BEGIN

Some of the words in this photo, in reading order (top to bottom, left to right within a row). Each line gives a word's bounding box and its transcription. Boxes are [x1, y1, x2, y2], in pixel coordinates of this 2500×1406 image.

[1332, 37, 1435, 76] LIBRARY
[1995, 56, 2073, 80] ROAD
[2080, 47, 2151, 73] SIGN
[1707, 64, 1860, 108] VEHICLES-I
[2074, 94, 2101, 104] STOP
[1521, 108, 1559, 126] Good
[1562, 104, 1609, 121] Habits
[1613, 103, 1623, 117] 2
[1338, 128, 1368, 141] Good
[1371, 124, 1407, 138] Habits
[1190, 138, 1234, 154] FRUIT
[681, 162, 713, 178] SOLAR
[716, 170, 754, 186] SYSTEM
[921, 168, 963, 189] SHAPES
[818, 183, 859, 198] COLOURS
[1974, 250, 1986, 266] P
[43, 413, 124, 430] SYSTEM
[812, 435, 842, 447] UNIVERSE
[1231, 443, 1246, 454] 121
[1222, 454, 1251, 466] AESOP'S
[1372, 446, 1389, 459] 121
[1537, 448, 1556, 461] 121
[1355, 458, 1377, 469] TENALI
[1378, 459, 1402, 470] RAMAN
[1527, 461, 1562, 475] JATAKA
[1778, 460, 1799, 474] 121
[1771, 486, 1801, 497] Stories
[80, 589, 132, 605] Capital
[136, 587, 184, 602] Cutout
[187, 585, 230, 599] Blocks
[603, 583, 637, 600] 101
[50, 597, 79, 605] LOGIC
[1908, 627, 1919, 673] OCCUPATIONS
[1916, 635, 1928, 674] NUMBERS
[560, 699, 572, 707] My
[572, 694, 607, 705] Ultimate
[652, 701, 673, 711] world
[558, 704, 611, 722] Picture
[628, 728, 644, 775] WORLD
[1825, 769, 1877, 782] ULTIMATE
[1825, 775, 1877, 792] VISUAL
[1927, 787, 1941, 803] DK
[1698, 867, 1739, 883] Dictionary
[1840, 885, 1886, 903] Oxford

END

→ Prompt: The material above should be retyped in full, exactly as given.

→ Result:
Some of the words in this photo, in reading order (top to bottom, left to right within a row). Each line gives a word's bounding box and its transcription. Boxes are [x1, y1, x2, y2], in pixel coordinates of this 2500×1406 image.

[1332, 37, 1435, 76] LIBRARY
[1995, 56, 2073, 80] ROAD
[2080, 47, 2151, 73] SIGN
[1707, 64, 1860, 108] VEHICLES-I
[2074, 94, 2101, 104] STOP
[1521, 108, 1559, 126] Good
[1562, 104, 1609, 121] Habits
[1613, 103, 1623, 117] 2
[1338, 128, 1368, 141] Good
[1371, 124, 1407, 138] Habits
[1190, 138, 1234, 154] FRUIT
[681, 162, 713, 178] SOLAR
[716, 170, 754, 186] SYSTEM
[921, 168, 963, 189] SHAPES
[818, 183, 859, 198] COLOURS
[1974, 250, 1986, 266] P
[43, 413, 124, 430] SYSTEM
[812, 435, 842, 447] UNIVERSE
[1231, 443, 1246, 454] 121
[1222, 454, 1251, 466] AESOP'S
[1372, 446, 1389, 459] 121
[1537, 448, 1556, 461] 121
[1355, 458, 1377, 469] TENALI
[1378, 459, 1402, 470] RAMAN
[1527, 461, 1562, 475] JATAKA
[1778, 460, 1799, 474] 121
[1771, 486, 1801, 497] Stories
[80, 589, 132, 605] Capital
[136, 587, 184, 602] Cutout
[187, 585, 230, 599] Blocks
[603, 583, 637, 600] 101
[50, 597, 79, 605] LOGIC
[1908, 627, 1919, 673] OCCUPATIONS
[1916, 635, 1928, 674] NUMBERS
[560, 699, 572, 707] My
[572, 694, 607, 705] Ultimate
[652, 701, 673, 711] world
[558, 704, 611, 722] Picture
[628, 728, 644, 775] WORLD
[1825, 769, 1877, 782] ULTIMATE
[1825, 775, 1877, 792] VISUAL
[1927, 787, 1941, 803] DK
[1698, 867, 1739, 883] Dictionary
[1840, 885, 1886, 903] Oxford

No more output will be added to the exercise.